Material for the task:
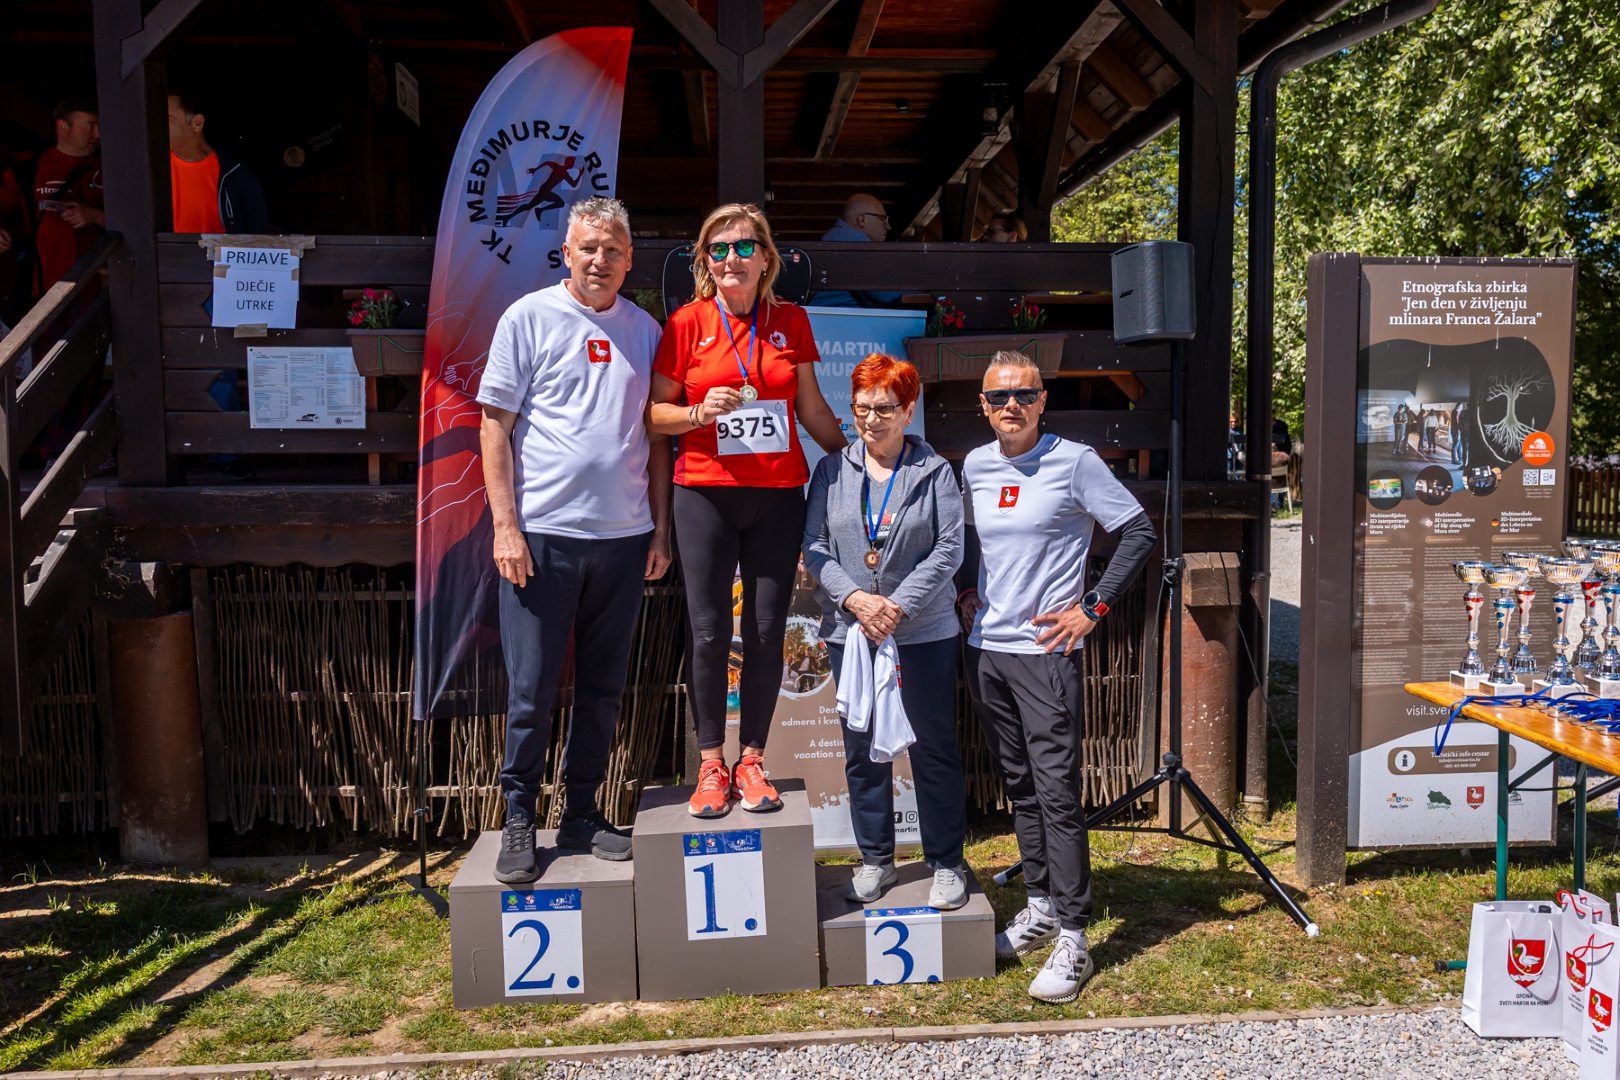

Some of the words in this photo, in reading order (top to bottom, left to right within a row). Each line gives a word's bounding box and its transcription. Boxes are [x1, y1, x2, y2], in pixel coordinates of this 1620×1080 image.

[467, 120, 584, 223] MEĐIMURJE
[480, 229, 512, 265] TK
[226, 250, 289, 266] PRIJAVE
[236, 280, 276, 293] DJEČJE
[1402, 280, 1482, 296] Etnografska
[1485, 280, 1528, 293] zbirka
[236, 299, 275, 311] UTRKE
[1430, 297, 1456, 309] den
[1459, 300, 1467, 309] v
[1470, 296, 1528, 312] življenju
[1388, 312, 1442, 325] mlinara
[1445, 312, 1491, 325] Franca
[717, 416, 776, 439] 9375
[781, 717, 816, 726] odmora
[809, 739, 816, 748] A
[794, 750, 833, 759] vacation
[692, 862, 758, 933] 1.
[508, 919, 580, 991] 2.

What is required:
Print the listing verbatim; no pictures.

Output for this exercise:
Some of the words in this photo, in reading order (top to bottom, left to right within a row). Each line gives a word's bounding box and its transcription. Boxes are [x1, y1, x2, y2], in pixel coordinates of this 1620×1080 image.

[467, 120, 584, 223] MEĐIMURJE
[480, 229, 512, 265] TK
[226, 250, 289, 266] PRIJAVE
[236, 280, 276, 293] DJEČJE
[1402, 280, 1482, 296] Etnografska
[1485, 280, 1528, 293] zbirka
[236, 299, 275, 311] UTRKE
[1430, 297, 1456, 309] den
[1459, 300, 1467, 309] v
[1470, 296, 1528, 312] življenju
[1388, 312, 1442, 325] mlinara
[1445, 312, 1491, 325] Franca
[717, 416, 776, 439] 9375
[781, 717, 816, 726] odmora
[809, 739, 816, 748] A
[794, 750, 833, 759] vacation
[692, 862, 758, 933] 1.
[508, 919, 580, 991] 2.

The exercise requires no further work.